Nice view from the Davis Ward icefield, looking NE down near the “thumb”. Note the snow blowing off the shoulders of Mt Ward (off screen to the right).

There’s a lot of things that people don’t tell you about ANSMET. They don’t tell you that John Schutt, in an effort to be a kind person and an effective teacher, reads to you the journal entries of the first Antarctic explorers on the day that both you and they experienced roughly 100 years apart. They don’t tell you that there’s a lot of neck pain in constantly looking down for those tiny black rocks. And only 1 person that I’ve talked to has told me about how truly incredible the silence here is (shout out to Scott VanBommell, 17-18).

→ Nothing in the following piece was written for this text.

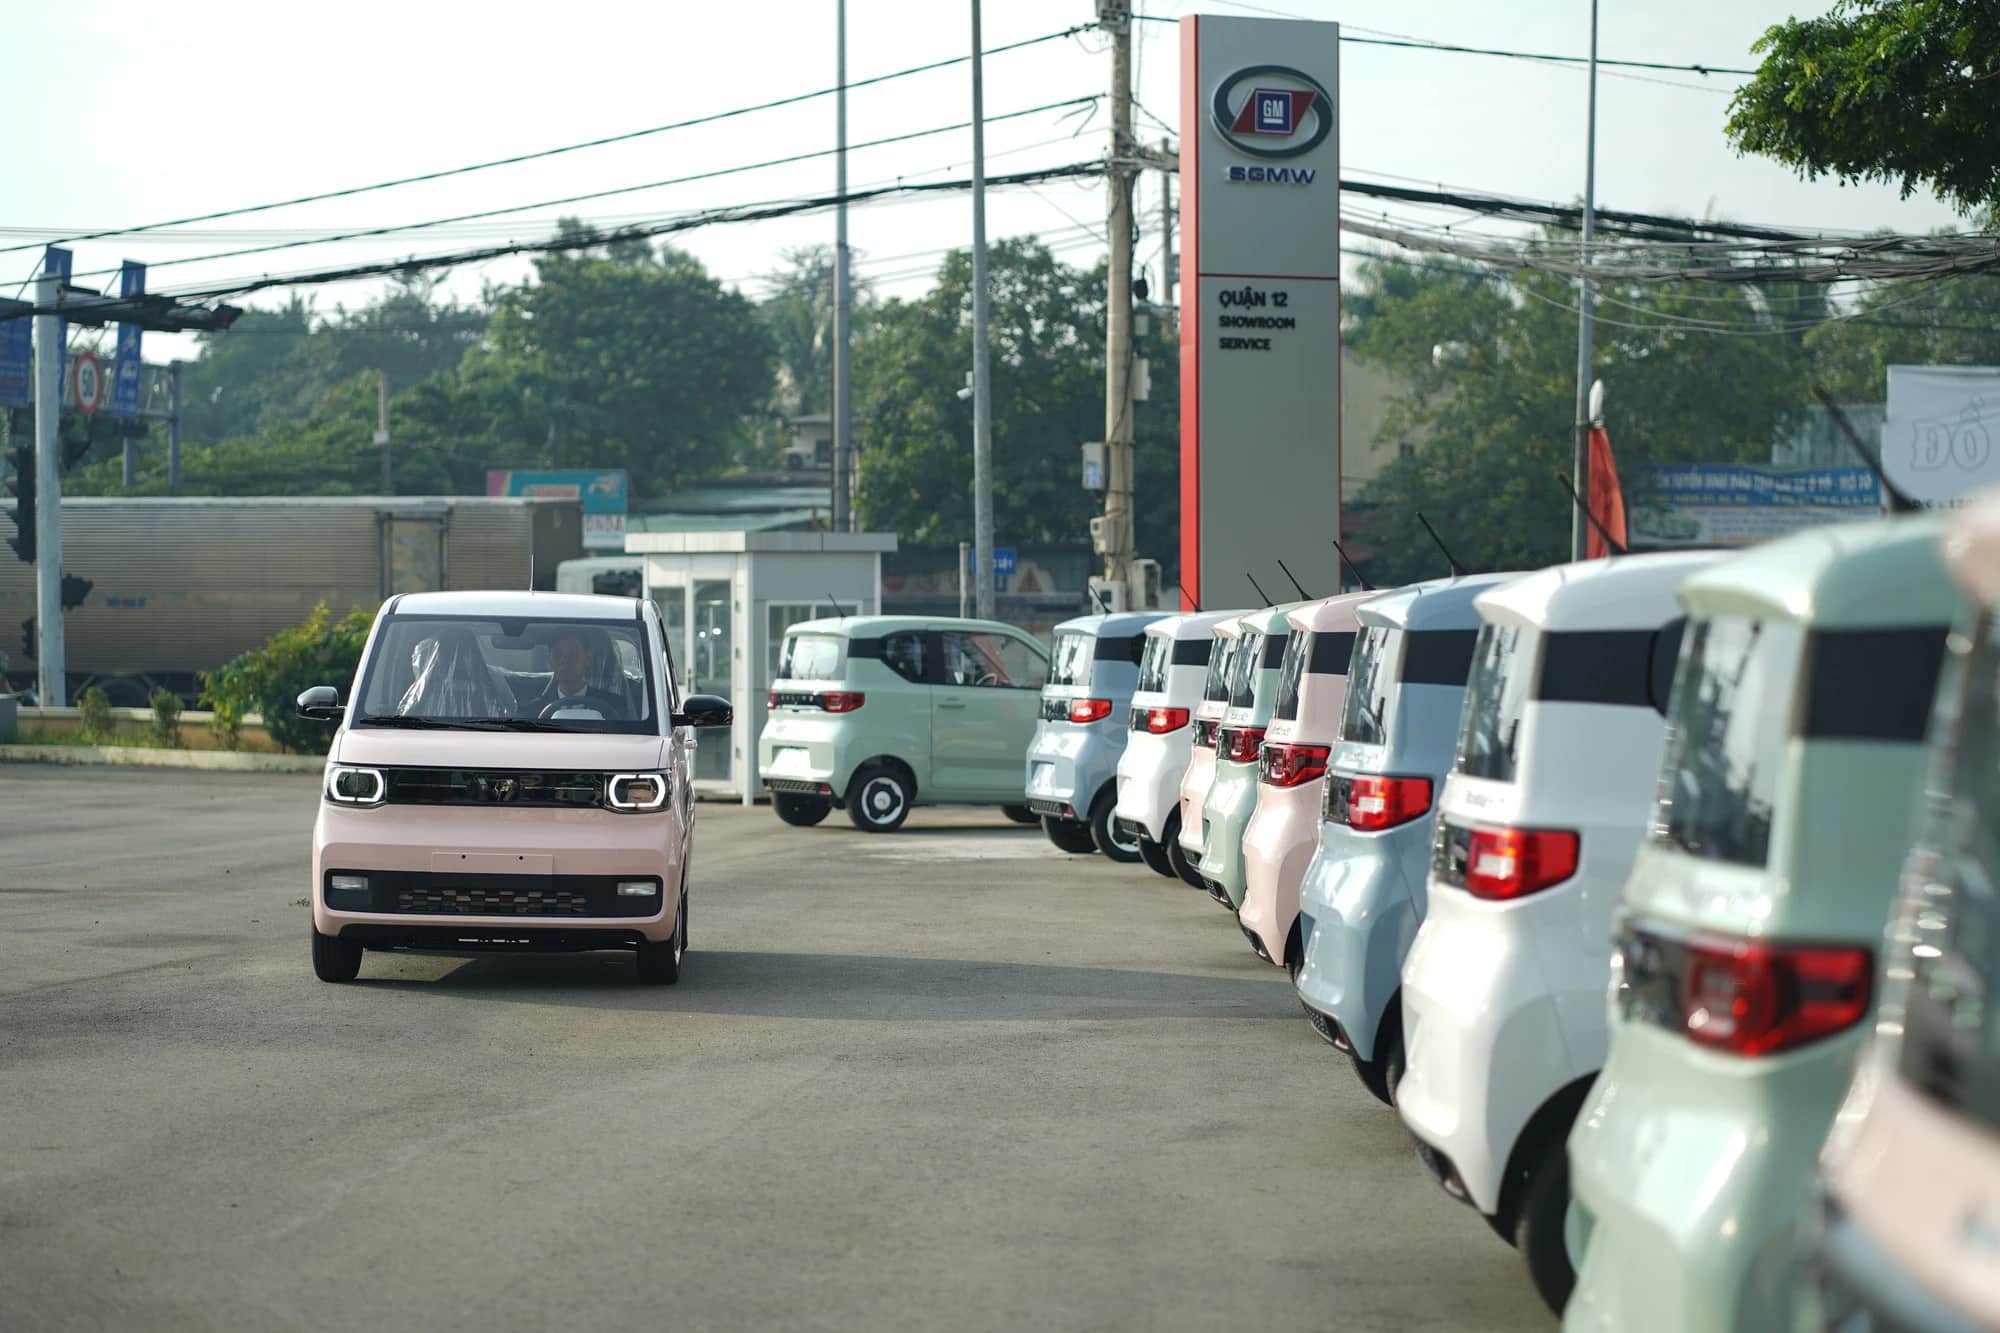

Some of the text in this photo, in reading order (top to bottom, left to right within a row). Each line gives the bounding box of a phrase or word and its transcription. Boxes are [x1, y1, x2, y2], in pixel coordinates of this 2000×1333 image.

I don’t experience silence much. If you know me outside of a professional setting, or maybe even there too, you know that I am the opposite of a silent person. I talk to everyone – I’ve never met a stranger. I ask a lot of questions. I believe there is good in this world and you just have to communicate to find it. But in Antarctica, there is a vast amount of silence. So much so that when the wind isn’t roaring, it makes you want to whisper… or just not talk at all. Your ears search for any signs of sound and eventually start to make a ringing background noise because they can’t believe there’s nothing for them to hear. Team members have said, “it was so quiet, I thought the world was ending” and “I thought, am I dead? Is this what it’s like?” It’s funny how silence is so strange to us that we equate it with something we know nothing about – the end and what happens after.

My favorite person I’ve ever met (hey, Tucker) taught me a lot about sitting in silence. It’s something he’s good at – taking in a moment, being quiet, and experiencing what it has to offer. In my not-enough-time with him, his appreciation of silence rubbed off on me.

So here’s to silence and being lucky enough to experience it. Thank you to Scott for telling me where to find it. Thank you to Tucker for teaching me how to sit in it. And thank you to Jim and ANSMET for giving me this opportunity to actually hear it.